Snoring, or rhonchopathy, is a characteristic low-frequency, vibrating sound that occurs during sleep as air moves through a narrowed upper airway. The sound is produced by vibration of the soft tissues of the pharynx, primarily the soft palate and uvula.

Snoring is very common. While often regarded as harmless, it can disrupt the sleep of others and, more importantly, may indicate a potentially serious condition — obstructive sleep apnea (OSA, also called OSAS).

Aetiology and Pathophysiology

The physiological basis of snoring lies in partial obstruction of the pharyngeal airway, most commonly at the level of the soft palate. During sleep, the skeletal muscles throughout the body relax naturally, including those that support the upper airway patency.

This loss of tone can allow the pharyngeal walls to collapse partially in individuals with anatomical or functional predisposition. As air passes through the narrowed segment, its velocity increases, causing the surrounding soft tissues to vibrate. This vibration generates the characteristic sound of snoring.

Several factors can predispose an individual to snoring, which are generally classified as anatomical or functional.

  • Anatomical factors:
    • Obesity: Excess adipose tissue accumulates in the neck and along the pharyngeal walls. This is the most important risk factor for snoring.
    • Enlarged tonsils and adenoids: The main cause of snoring in children.
    • Elongated uvula or low-positioned soft palate.
    • Craniofacial abnormalities: A small or posteriorly positioned mandible (micrognathia or retrognathia).
    • Nasal obstruction: Conditions such as a deviated septum, nasal polyps, or chronic rhinitis that force mouth breathing and promote snoring.
  • Functional factors:
    • Sleeping on the back: Encourages the tongue to fall backward, narrowing the airway.
    • Alcohol, sedatives, or hypnotics: Increase relaxation of pharyngeal muscles.
    • Smoking: Causes chronic inflammation and swelling of airway mucosa.
    • Age: Natural loss of muscle tone occurs with aging.

Clinical Significance

It is important to distinguish simple snoring from snoring associated with OSA.

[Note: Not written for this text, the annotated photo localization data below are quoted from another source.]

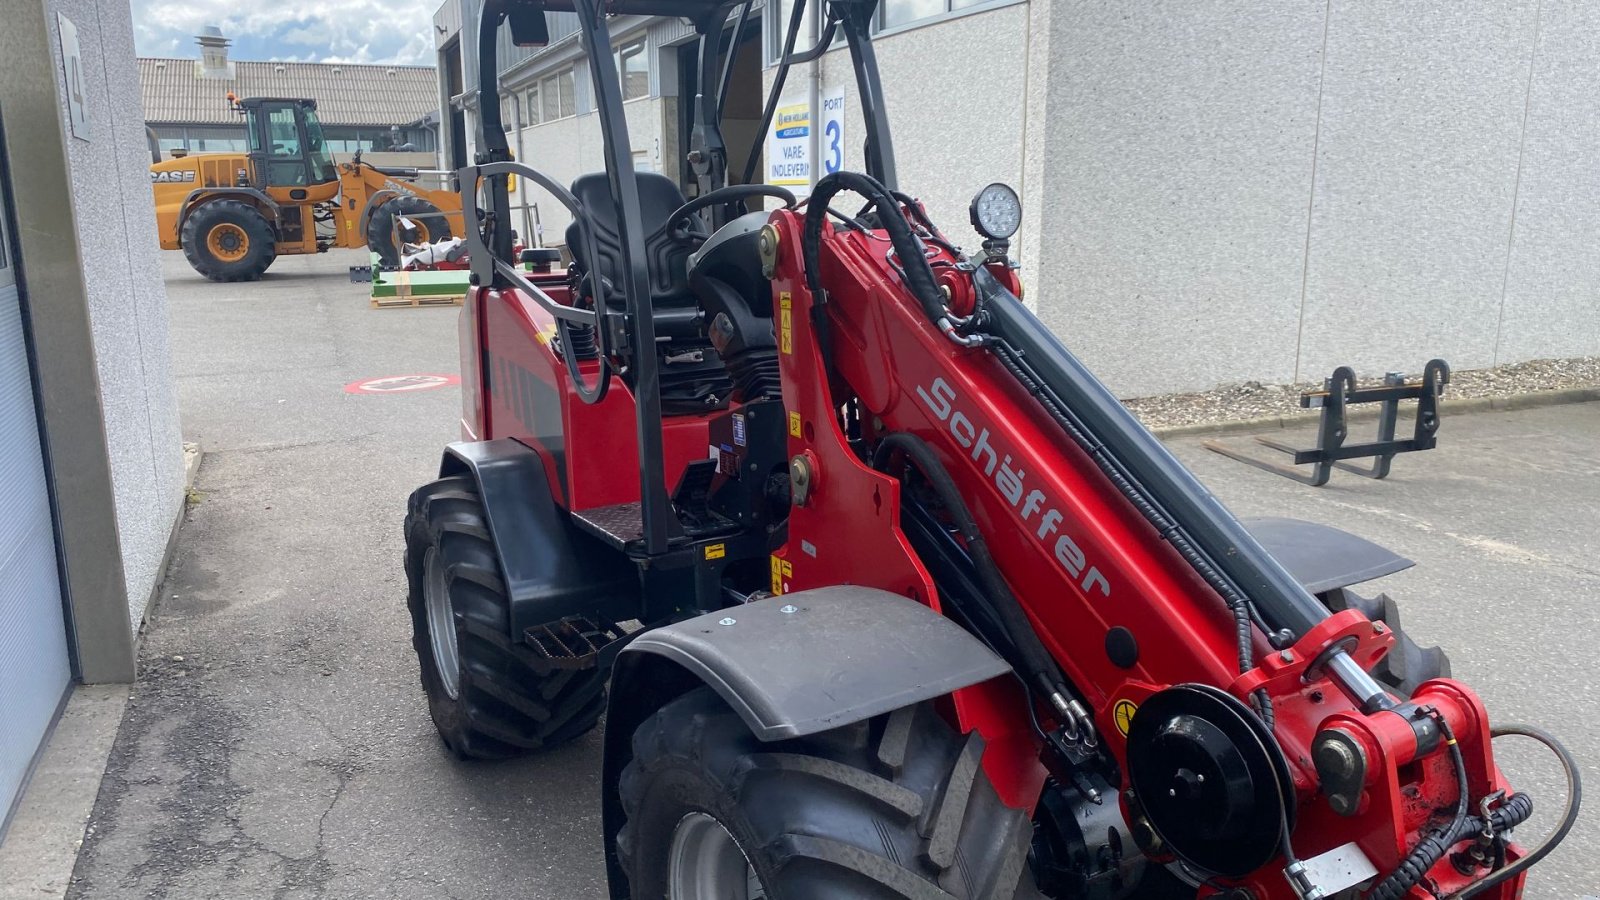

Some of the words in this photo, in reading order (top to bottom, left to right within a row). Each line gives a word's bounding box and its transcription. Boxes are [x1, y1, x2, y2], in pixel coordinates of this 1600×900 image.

[824, 97, 843, 111] PORT
[783, 146, 805, 159] VARE-
[825, 119, 841, 173] 3
[150, 171, 195, 184] CASE
[916, 377, 1111, 597] Schäffer

  • Simple snoring refers to a sound phenomenon without associated apnea or oxygen desaturation. It does not disrupt sleep architecture or cause daytime sleepiness.
  • Snoring associated with OSA is typically loud and intermittent. It alternates with episodes of complete silence, during which breathing temporarily stops (apnea). These episodes usually end with a sudden gasp, snort, or choking sound as normal breathing resumes. This is often accompanied by excessive daytime sleepiness, morning headaches, and elevated blood pressure.

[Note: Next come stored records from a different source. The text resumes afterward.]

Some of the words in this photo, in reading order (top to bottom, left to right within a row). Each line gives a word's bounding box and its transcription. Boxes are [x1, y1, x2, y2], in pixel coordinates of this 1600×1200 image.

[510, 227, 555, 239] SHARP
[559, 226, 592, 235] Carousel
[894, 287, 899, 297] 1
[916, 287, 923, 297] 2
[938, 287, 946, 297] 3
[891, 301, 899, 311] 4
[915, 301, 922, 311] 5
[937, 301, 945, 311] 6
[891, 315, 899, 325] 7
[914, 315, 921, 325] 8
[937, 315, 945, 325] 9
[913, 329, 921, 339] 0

Diagnosis begins with a detailed medical history, including information from the sleep partner, and an examination of the upper airway to identify possible anatomical abnormalities. The gold standard for diagnosing sleep-related breathing disorders is polysomnography, an overnight study that records respiratory parameters, oxygen saturation, brain activity, and heart rate.

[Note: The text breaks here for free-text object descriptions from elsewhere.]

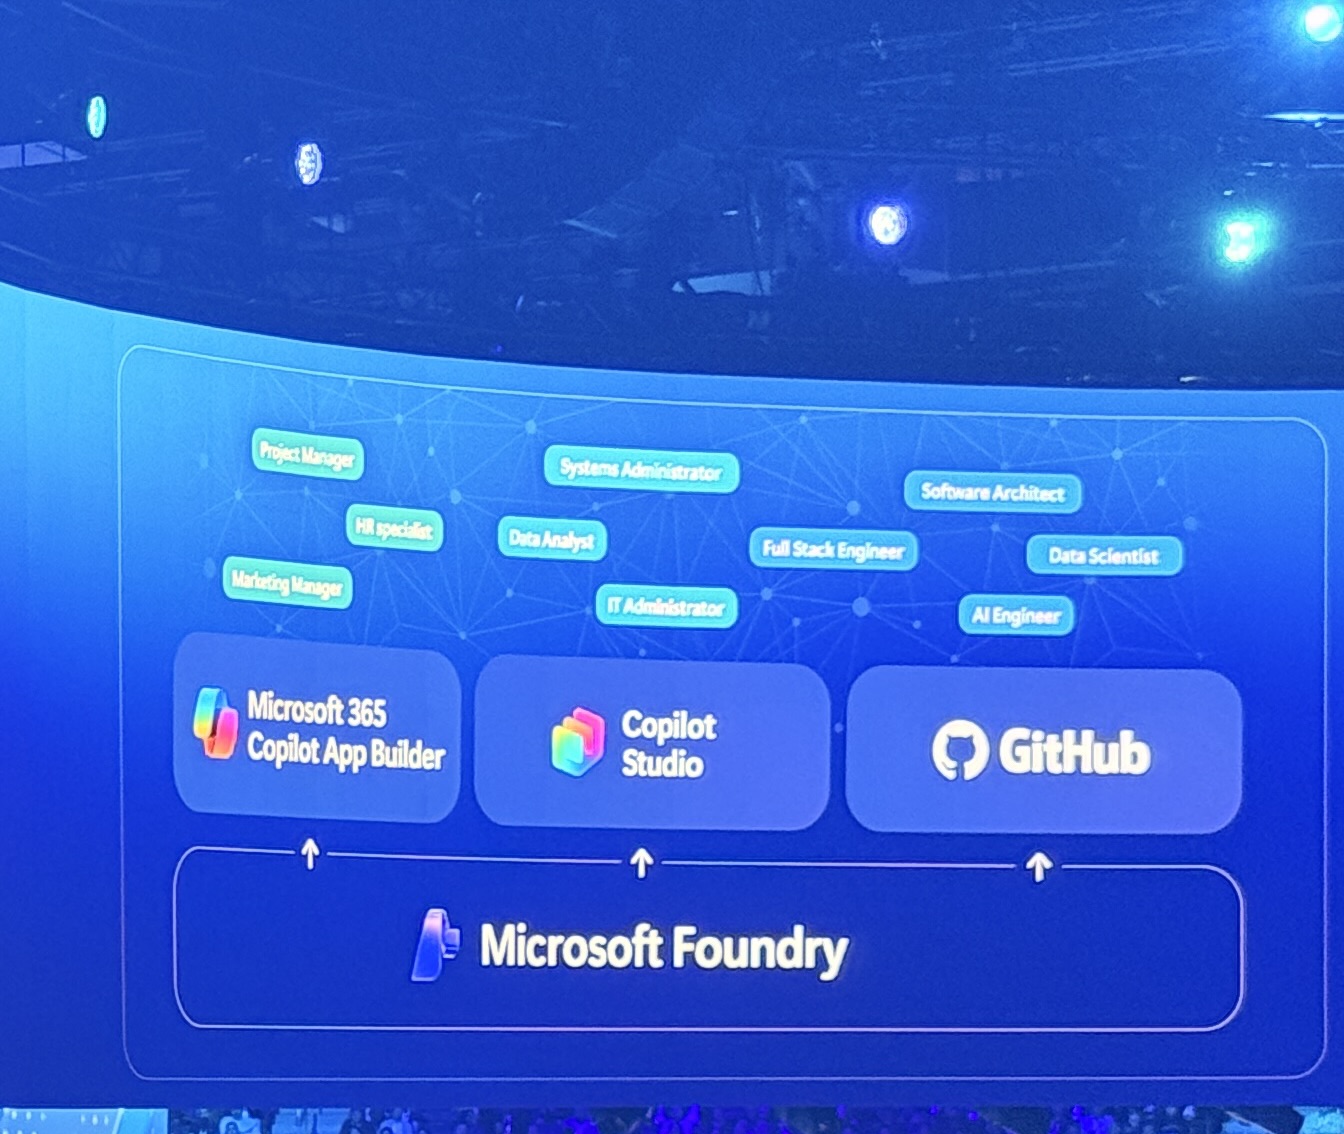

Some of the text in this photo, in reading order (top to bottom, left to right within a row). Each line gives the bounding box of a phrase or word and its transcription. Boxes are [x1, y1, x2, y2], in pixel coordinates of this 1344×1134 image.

[259, 440, 355, 472] Project Manager
[560, 457, 724, 482] Systems Administrator
[921, 482, 1065, 503] Software Architect
[355, 517, 433, 540] HR specialist
[509, 528, 595, 553] Data Analyst
[762, 539, 906, 564] Full Stack Engineer
[1049, 546, 1159, 565] Data Scientist
[231, 569, 343, 601] Marketing Manager
[607, 596, 725, 617] IT Administrator
[971, 606, 1062, 629] AI Engineer
[247, 689, 387, 728] Microsoft 365
[621, 709, 718, 746] Copilot
[247, 731, 447, 774] Copilot App Builder
[622, 749, 704, 778] Studio
[999, 727, 1151, 775] GitHub
[481, 922, 850, 981] Microsoft Foundry

Treatment of simple snoring focuses on lifestyle changes such as weight reduction, avoiding alcohol and sedatives, and sleeping on the side. Management of OSA-related snoring relies mainly on continuous positive airway pressure (CPAP) therapy, which keeps the airway open throughout sleep by maintaining constant positive pressure using a special device.

Differential Diagnosis

The primary clinical challenge is to distinguish harmless snoring from OSAS. Signs such as breathing pauses during sleep, restless sleep, pronounced daytime sleepiness, and hypertension should always prompt polysomnography. It is important to remember that all patients with OSA snore, but not all individuals who snore have OSA. Definitive differentiation requires objective assessment of sleep, typically via polysomnography.